I resemble myself, roughly, in this photo. Or at least I look like I’m keeping it together. Posing for the camera proudly, loose smoke alarm wires and paint and messy couch and all, in my Abortion on Our Own Terms tee. Hamming. Goofin’, as my Kansas-born partner would say. I look like I’m doing ok.
Well. I’m not.
Though—of course and as always—I have a lot of joy in my life and in my communities; though an extension order was granted in the (bogus bullshit) Mifepristone lawsuit, buying us some extra time (until tomorrow, February 24th, at the earliest) to keep prescribing Mife & Miso together for medication abortion patients; though I have the wild privilege of working with some of the most wonderful abortion providers (and the additional wild privilege of handing an ARC of my book to the midwife who has provided my own abortion care and also facilitated my first pregnancy, closing a circle of a brutal and beautiful year of my life)—despite it all. I’m off. I’m exhausted. I’m terrified. I’m worn out. I’m moving slowly and forgetting things. I’m grieving yet another loss.
Mife & Miso are the drugs I took to initiate my own abortion, and—though I ultimately needed an in-clinic aspiration to complete it—they will forever be the duo that carried me over a threshold, yet another bisection of my life into before and after (with, as always, a whole lot of during). A large-scale loss of legal Mifepristone usage would have devastating ripple effects through pregnant populations, as it’s prescribed not only as the first step of a medication abortion protocol, but also for miscarriage management and pregnancy loss. This ruling will hurt.
Many people I know and love are in pain right now, or describe themselves as tired, as sad, as checked out from their work, as phoning it in to their lives, as, succinctly: “off.”
Are you off, too?
In a winter of abortion access, a winter of trust in our leaders at every level (starting within our movements and the organizations tasked with Doing the Right Thing), and a literal winter—we’re getting buried, friends.

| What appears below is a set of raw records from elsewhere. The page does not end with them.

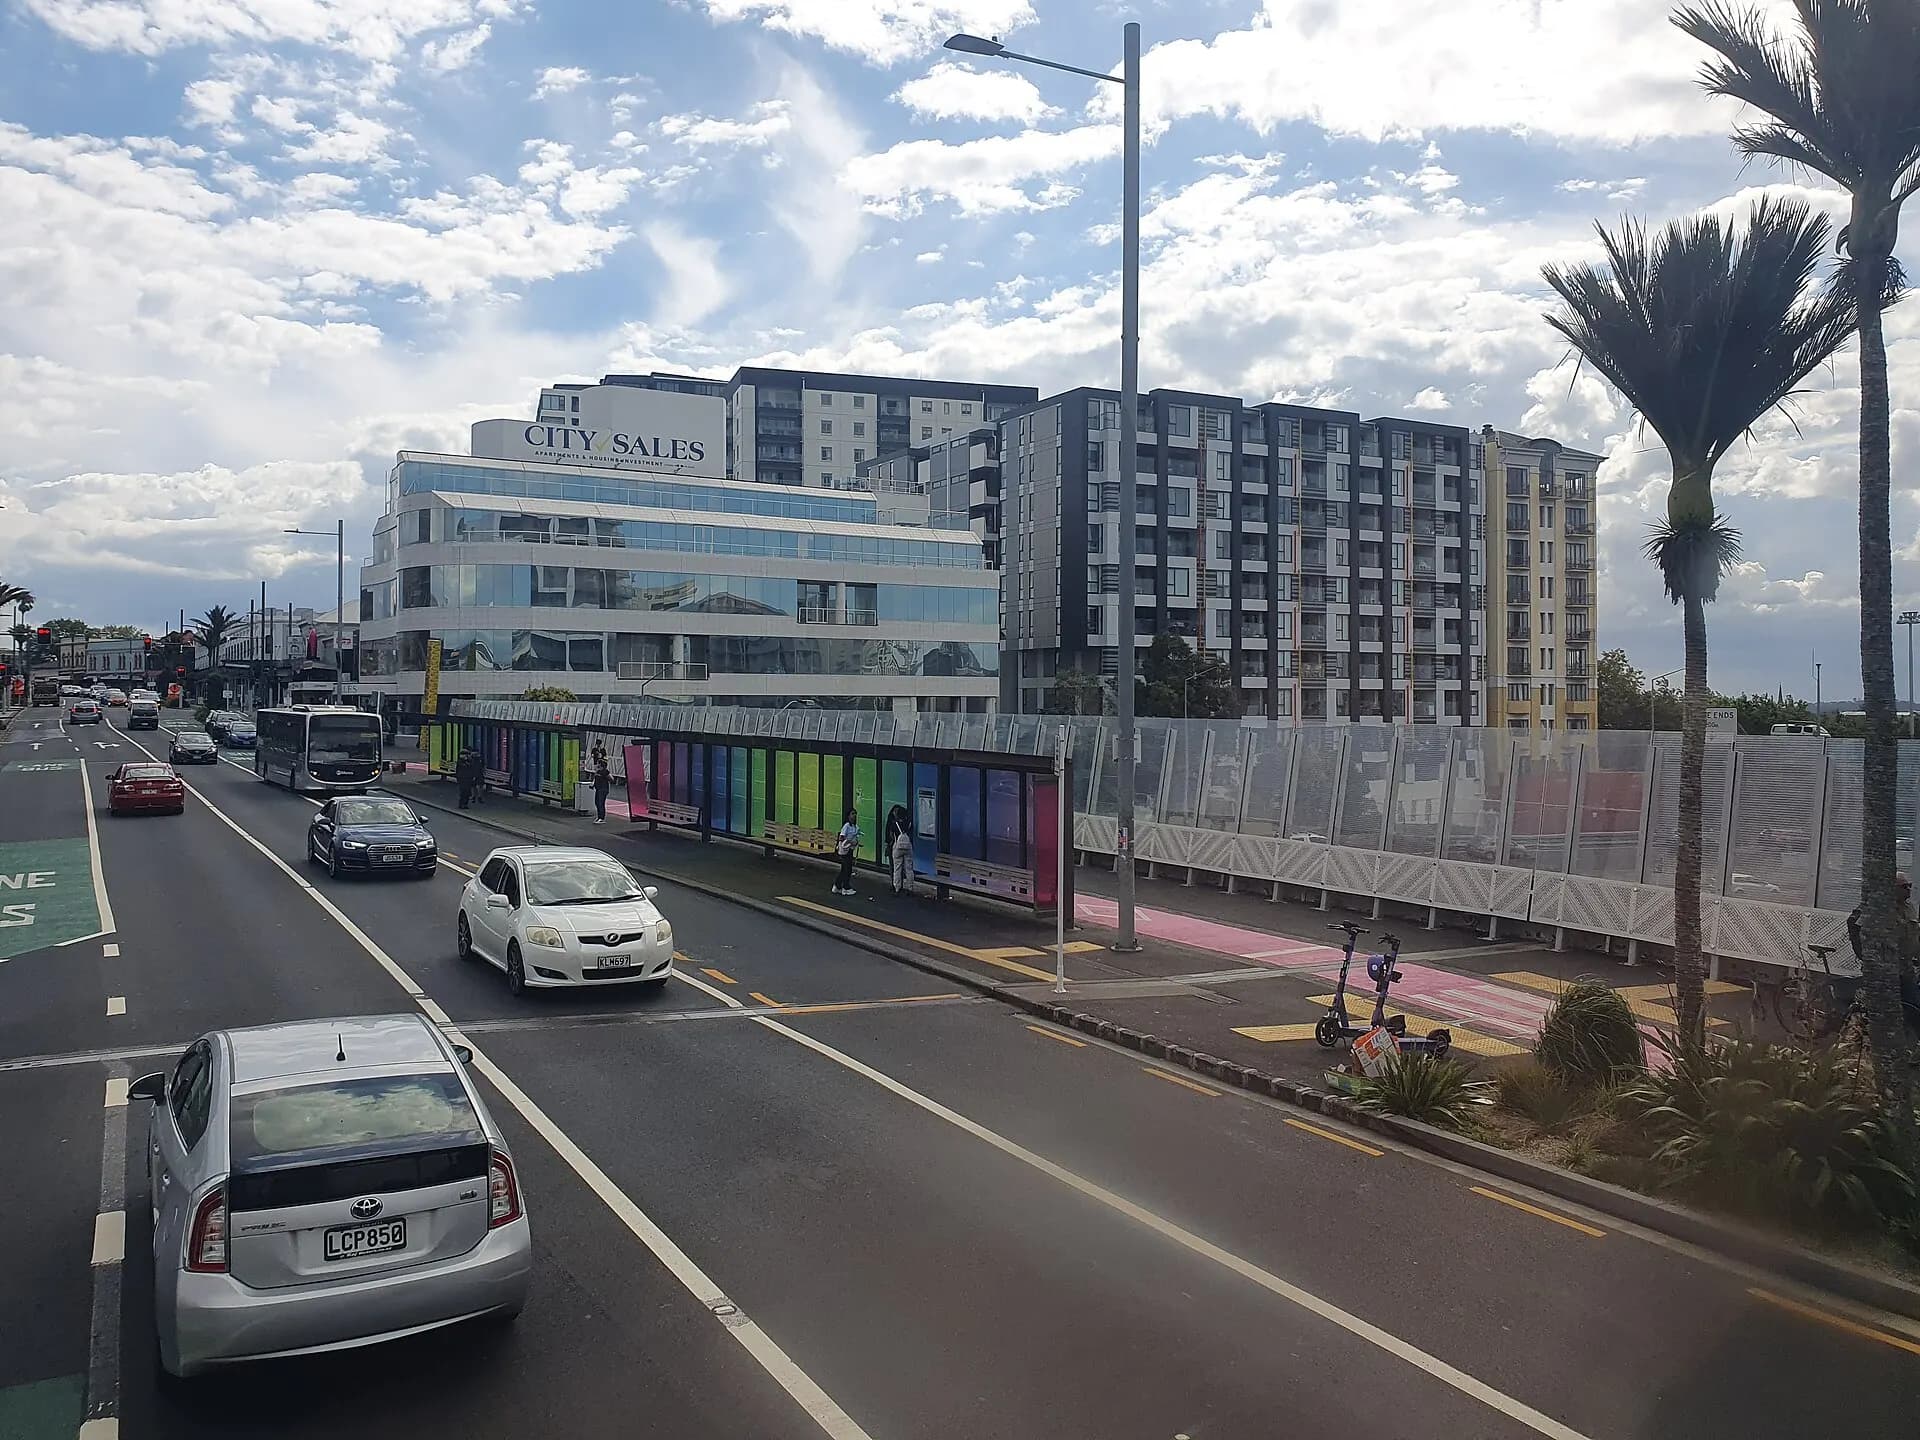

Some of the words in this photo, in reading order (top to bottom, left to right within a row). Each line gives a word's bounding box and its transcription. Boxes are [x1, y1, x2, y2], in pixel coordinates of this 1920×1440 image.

[524, 425, 598, 451] CITY
[612, 433, 705, 462] SALES
[620, 458, 663, 467] NVESTMENT
[1713, 711, 1734, 719] ENDS
[328, 1225, 402, 1254] LCP850

In snow, in bad news, in paperwork, in childcare, in bills, in uncertainty.
You don’t have to claw your way out from under all of this right this second. You don’t have to give more, do more, than you’re giving and doing. You don’t have to be “on.” There is more than one setting for a reason.

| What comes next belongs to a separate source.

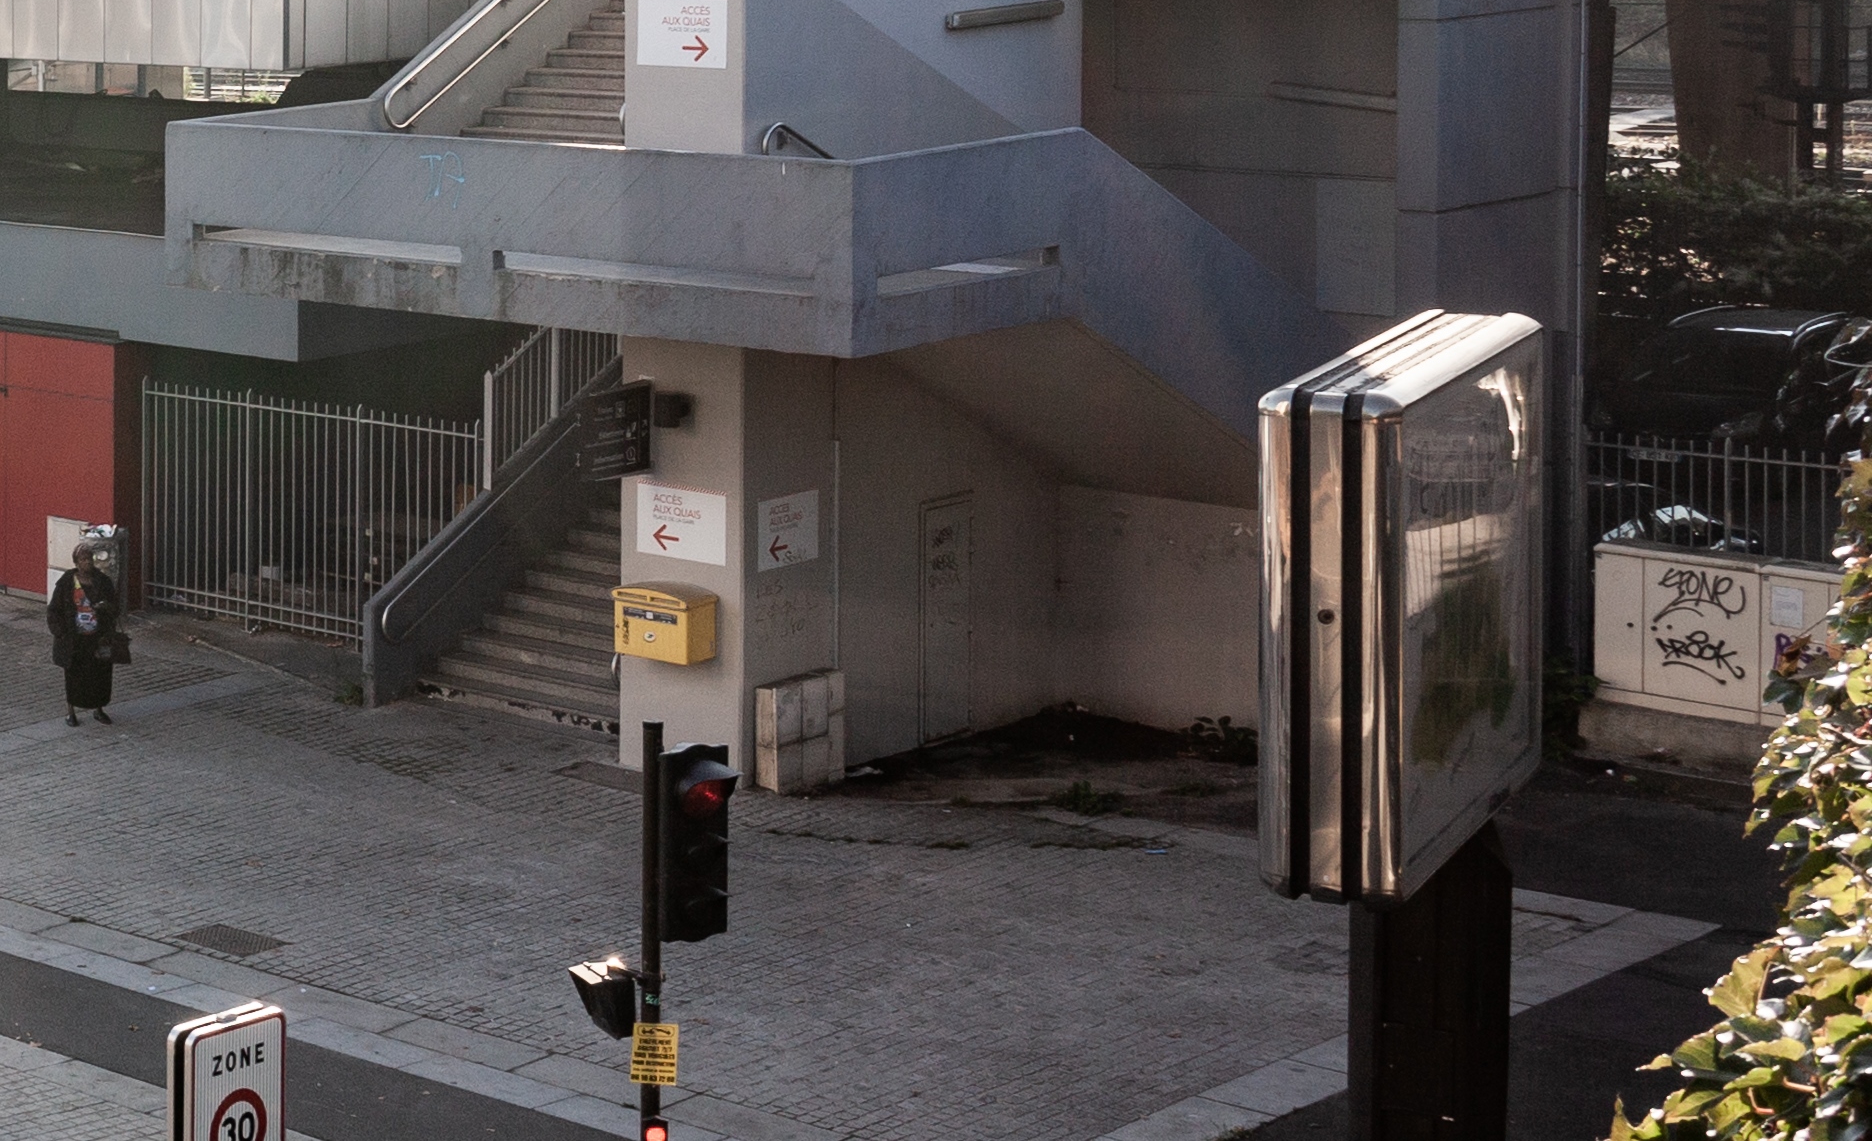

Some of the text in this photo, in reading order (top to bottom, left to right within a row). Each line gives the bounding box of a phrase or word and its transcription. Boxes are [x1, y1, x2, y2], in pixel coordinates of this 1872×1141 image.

I haven’t been writing much lately, and when I have it’s been largely about this chronic heartbreak, this mourning and fatigue — for TIME, for Electric Literature, for Jezebel (though that one’s infused with lots of joy and hope and optimism, too). I haven’t been taking great care of myself or my belongings, my home, my body. I haven’t been practicing what I preach, when I talk to the people I’m supporting through their abortions and tell them to seek out, nurture, and protect the parts of their days that feel good, to prioritize rest and play and fun.
So: I’m leaning into my “off” switch. In the interest of pulling only
the levers I can pull—and the levers that feel light enough to pull, in this season of overwhelm and exhaustion—I’m going to get up tomorrow and help some patients get their health care, and I might try to eat healthy food and drink enough water and ease up on the caffeine and alcohol. I’m going to spend time with my family, and I might do enough to be the kind of parent and partner I want to be. I’m going to work on an application for a grant that might allow me to get to work on my next book, but I might not finish it.
Tomorrow, Mifepristone, a perfectly safe and vitally necessary medicine, might be federally banned. A judge might sentence pregnant people across the country to suffering, injury, hardship, death.
We will do what we can do to keep each other alive and well, and that might be a whole hell of a lot. Tomorrow might not be the day we can do much of it at all, though. And that won’t feel ok. But tomorrow will end, and another day of pulling the levers we can pull will start. New levers will appear to us. Heavy or jammed levers will become looser and lighter from the accumulated days and weeks and years of our efforts, our painful and difficult and thankless days of pulling and pulling at them. Our arms will feel stronger.
Someday you will be “on” again. And so will I.